____ GIVEN DATA

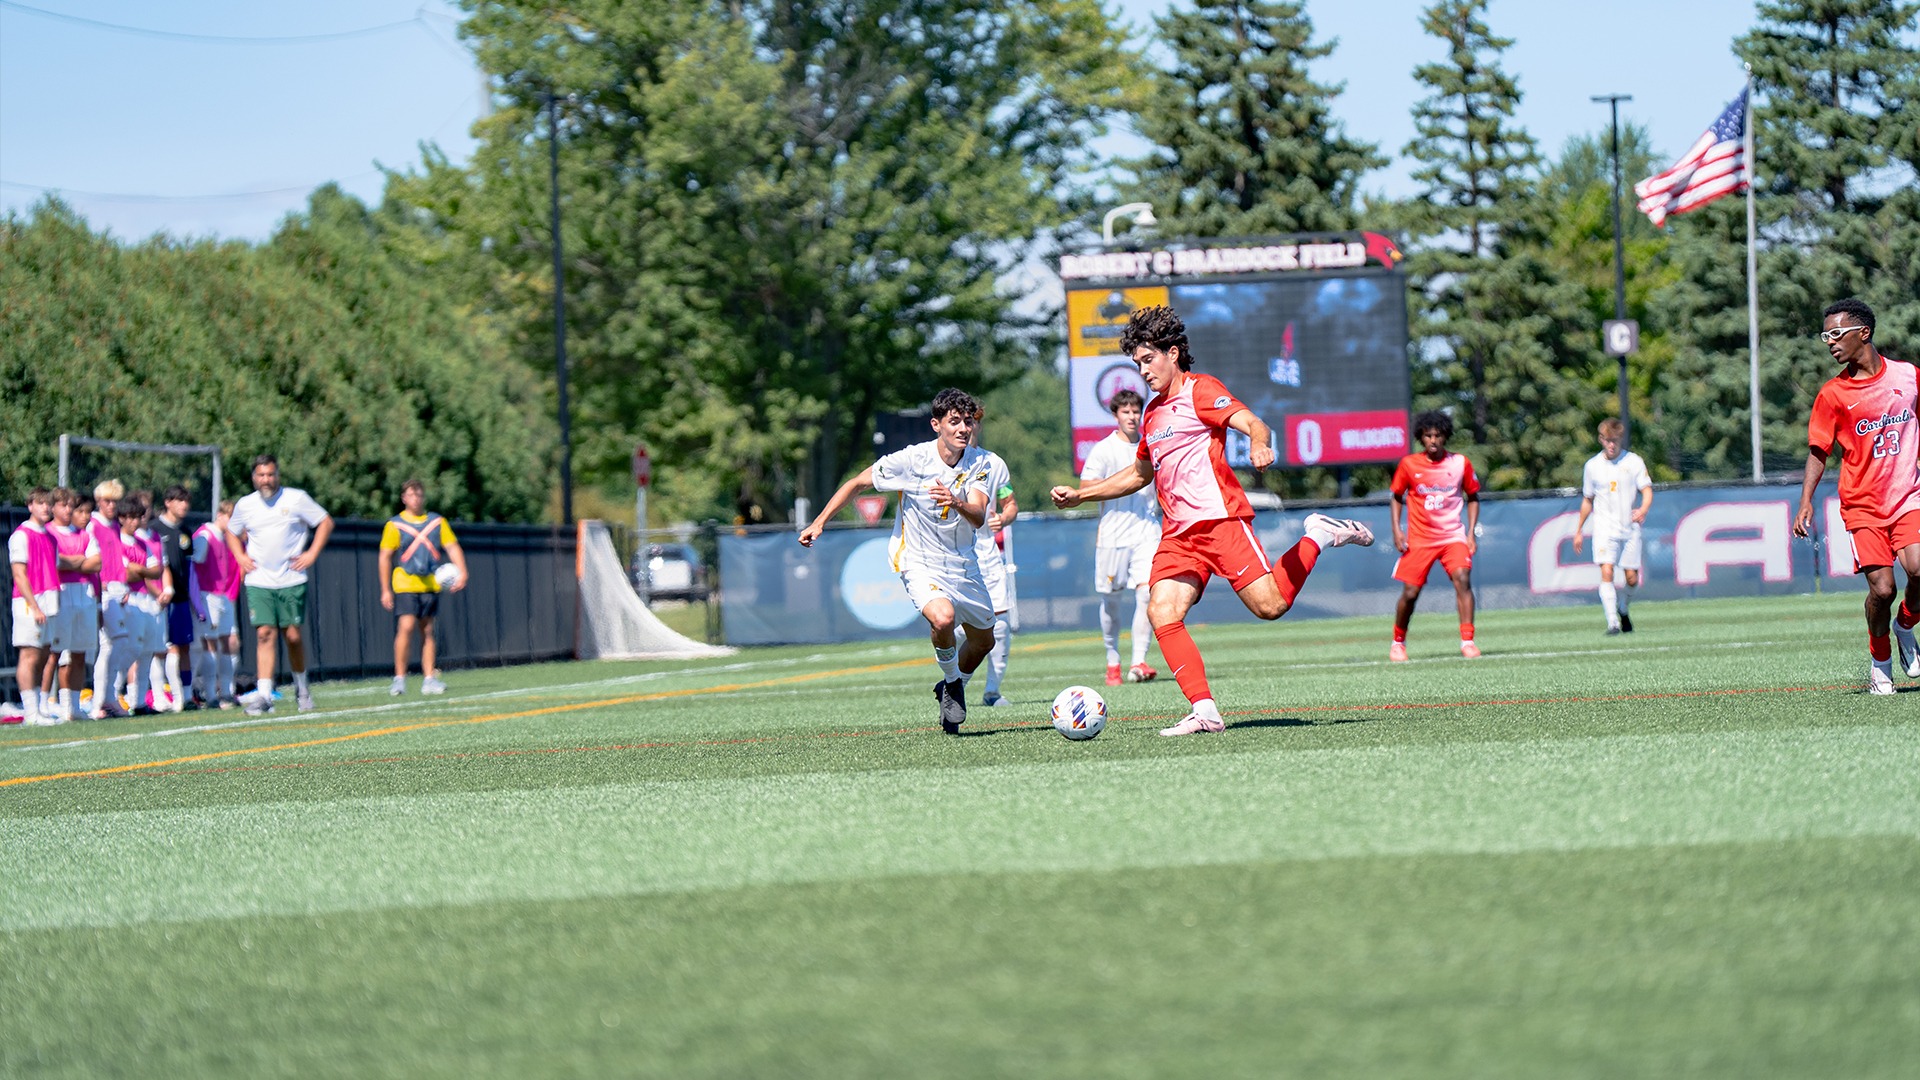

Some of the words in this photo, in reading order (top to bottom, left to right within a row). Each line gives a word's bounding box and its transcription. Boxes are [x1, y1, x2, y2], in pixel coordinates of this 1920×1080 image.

[1060, 252, 1152, 278] ROBERT
[1153, 251, 1173, 275] C
[1299, 242, 1366, 269] FIELD
[1610, 323, 1631, 353] C
[1146, 425, 1174, 446] ardinals
[1856, 408, 1911, 436] Cardinals
[1297, 419, 1323, 465] 0
[1873, 430, 1901, 459] 23

________

Your answer should reproduce every line of the data verbatim and include no images.

Some of the words in this photo, in reading order (top to bottom, left to right within a row). Each line gives a word's bounding box and its transcription. Boxes are [x1, y1, x2, y2], in pixel coordinates of this 1920×1080 image.

[1060, 252, 1152, 278] ROBERT
[1153, 251, 1173, 275] C
[1299, 242, 1366, 269] FIELD
[1610, 323, 1631, 353] C
[1146, 425, 1174, 446] ardinals
[1856, 408, 1911, 436] Cardinals
[1297, 419, 1323, 465] 0
[1873, 430, 1901, 459] 23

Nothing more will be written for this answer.